Shes is never going to tell you. She will only make things up and even if she is honest, it wont help. You'll never get the closure you want from her.

Depending on how long you dated or how deeply you were involved, the closure could take a long long time. It may never come at all. I think the hardest part about losing someone you love (because they cheated or left you) isnt really the reasons why. So closure isnt going to really help. the reason is that you now have to stop loving someone. I mean its not exactly as easy as it sounds. Even if they did something horrible to you. Its the conflict of emotions that leaves you feeling so frustrated.
Sure it might seem easy to hate her because she hurt you, but really this is someone (again depending on the depth of the relationship) you loved and to love someone is to care about someone so much that nothing else matters. Of course that depends on how much you loved her or what you consider love.

To overcome this problem you first need to figure out what love is to you.

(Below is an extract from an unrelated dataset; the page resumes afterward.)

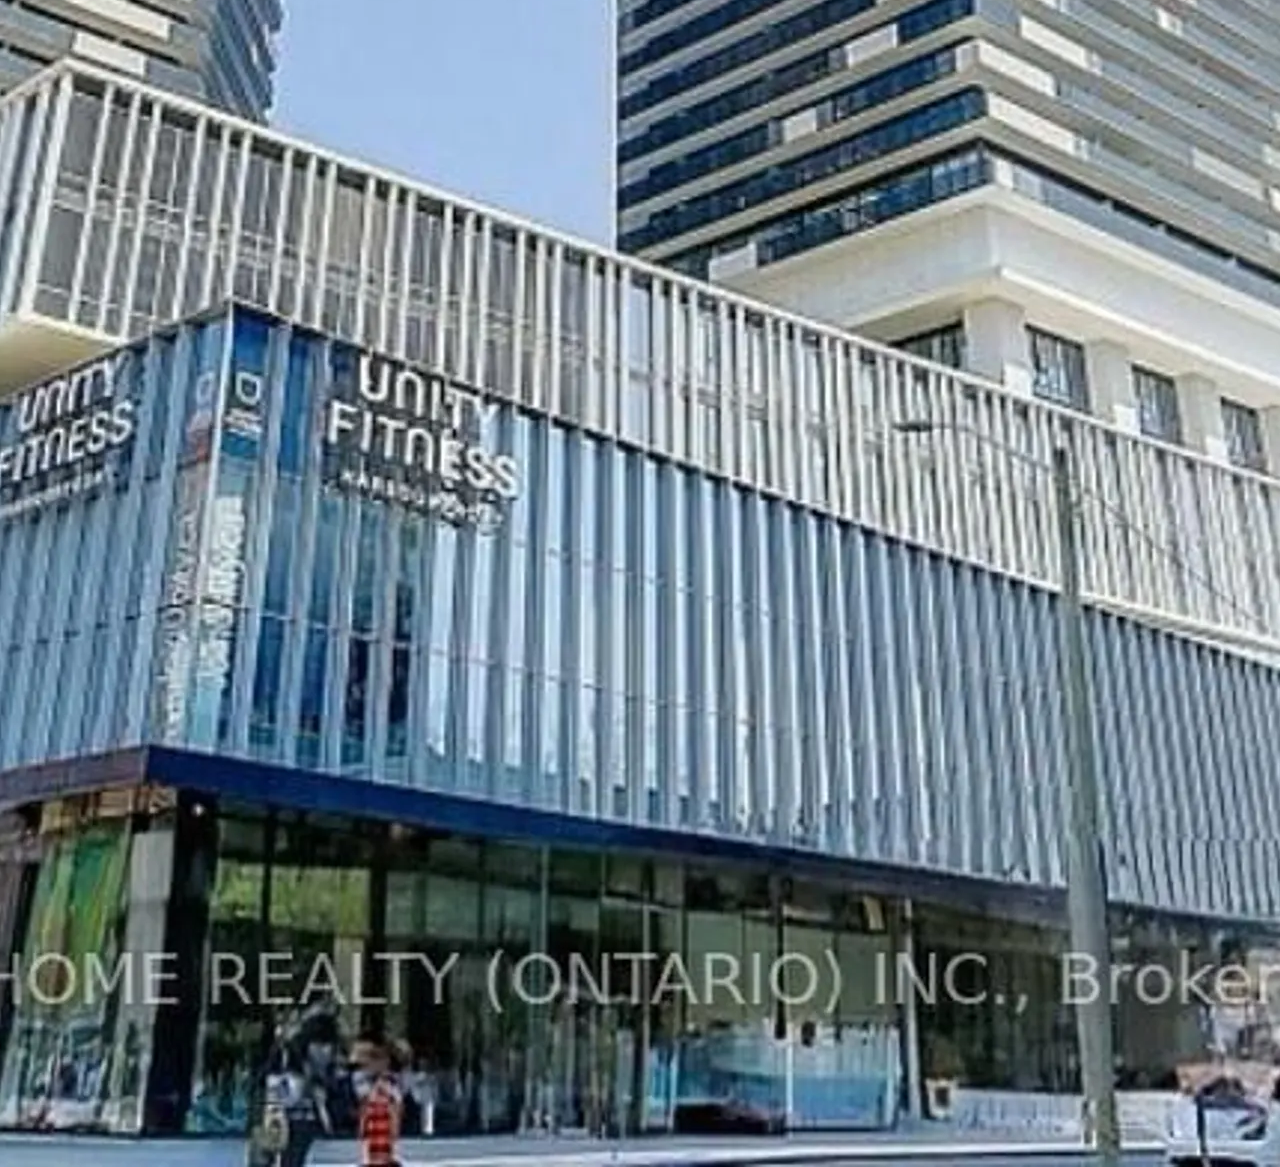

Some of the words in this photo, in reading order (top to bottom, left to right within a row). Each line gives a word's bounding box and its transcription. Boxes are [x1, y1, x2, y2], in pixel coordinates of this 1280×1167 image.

[18, 349, 133, 433] UNITY
[359, 355, 500, 437] UNITY
[328, 399, 519, 499] FITNESS
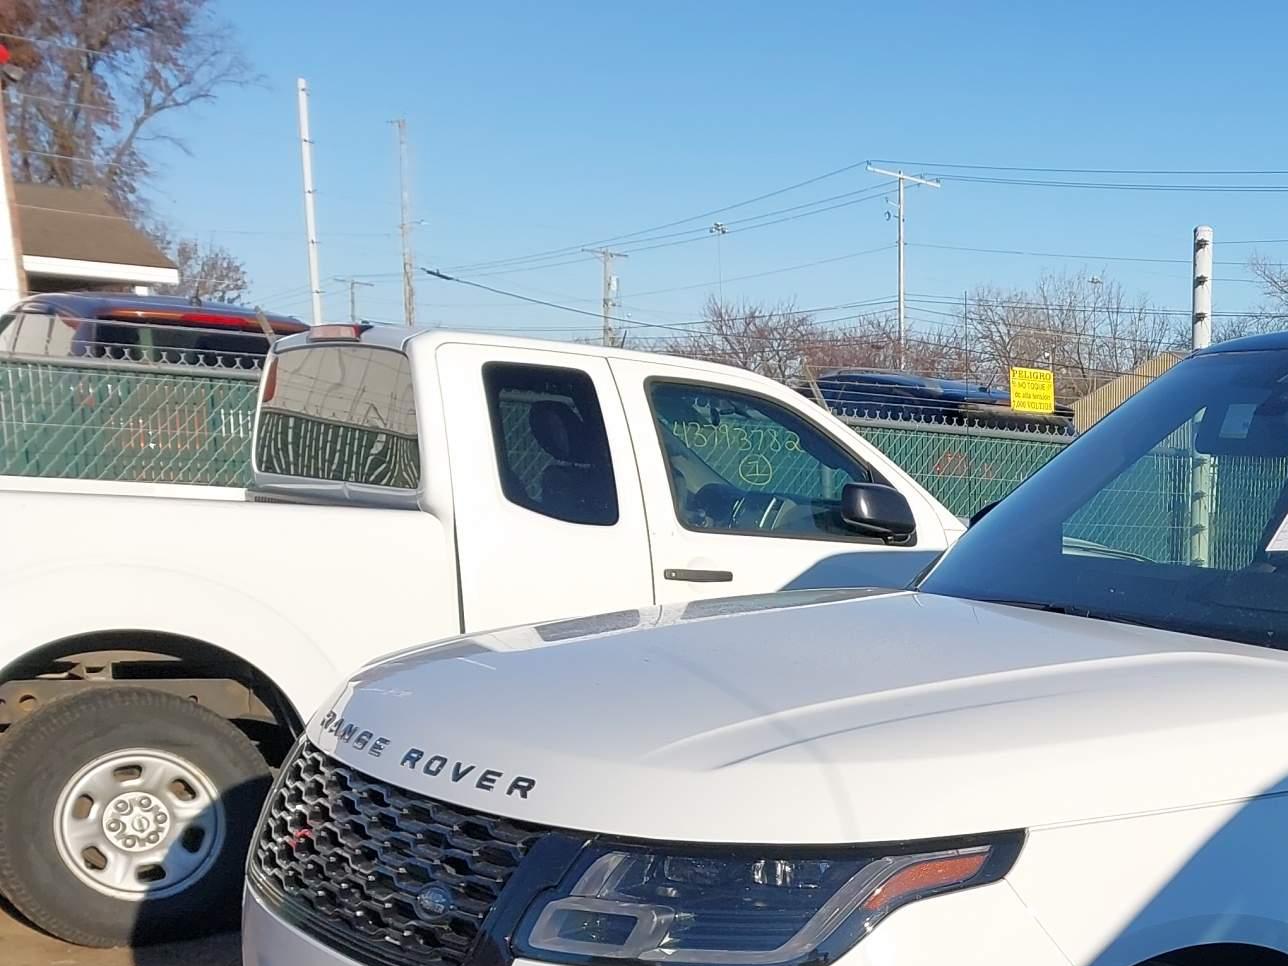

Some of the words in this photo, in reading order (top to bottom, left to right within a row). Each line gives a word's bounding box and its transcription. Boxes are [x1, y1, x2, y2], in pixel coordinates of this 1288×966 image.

Now allow me to be a little "Emo Yarr"

To love someone is to care about someone who brings you happiness. To care about that person so much that nothing they do can really tarnish how you really feel about them. To love someone is to look past their flaws and all the things "wrong" they do and to still feel love towards them.
I dont subscribe to the line of thought that love is something you can only feel with the person you are ment to be with and all that bullshit. There is no fate, there is no best path in life. You cant mess up with the "one" because there is no "the one". Love is just a level of how much you care about someone. To me once you really, really, really care about someone it becomes love and that to me is unconditional. Thats why its so hard to lose someone you love. Because you know deep down you can always forgive them, of course it would be a stupid move to ever be involved with them again. Forget but not forgive remember.

You feel sad now, but the reality is that one day you are going to replace her with someone else. You'll look back on this and not really understand how you let yourself felt this way.

The answer to the problem in most cases is actually the reason for the problem. Emotions fade with time. Good and bad.

You can keep talking to her and look for an answer, but youre just feeding the emtions and not letting them fade. The best solution is just to walk away and try to figure out where your next step is going to be.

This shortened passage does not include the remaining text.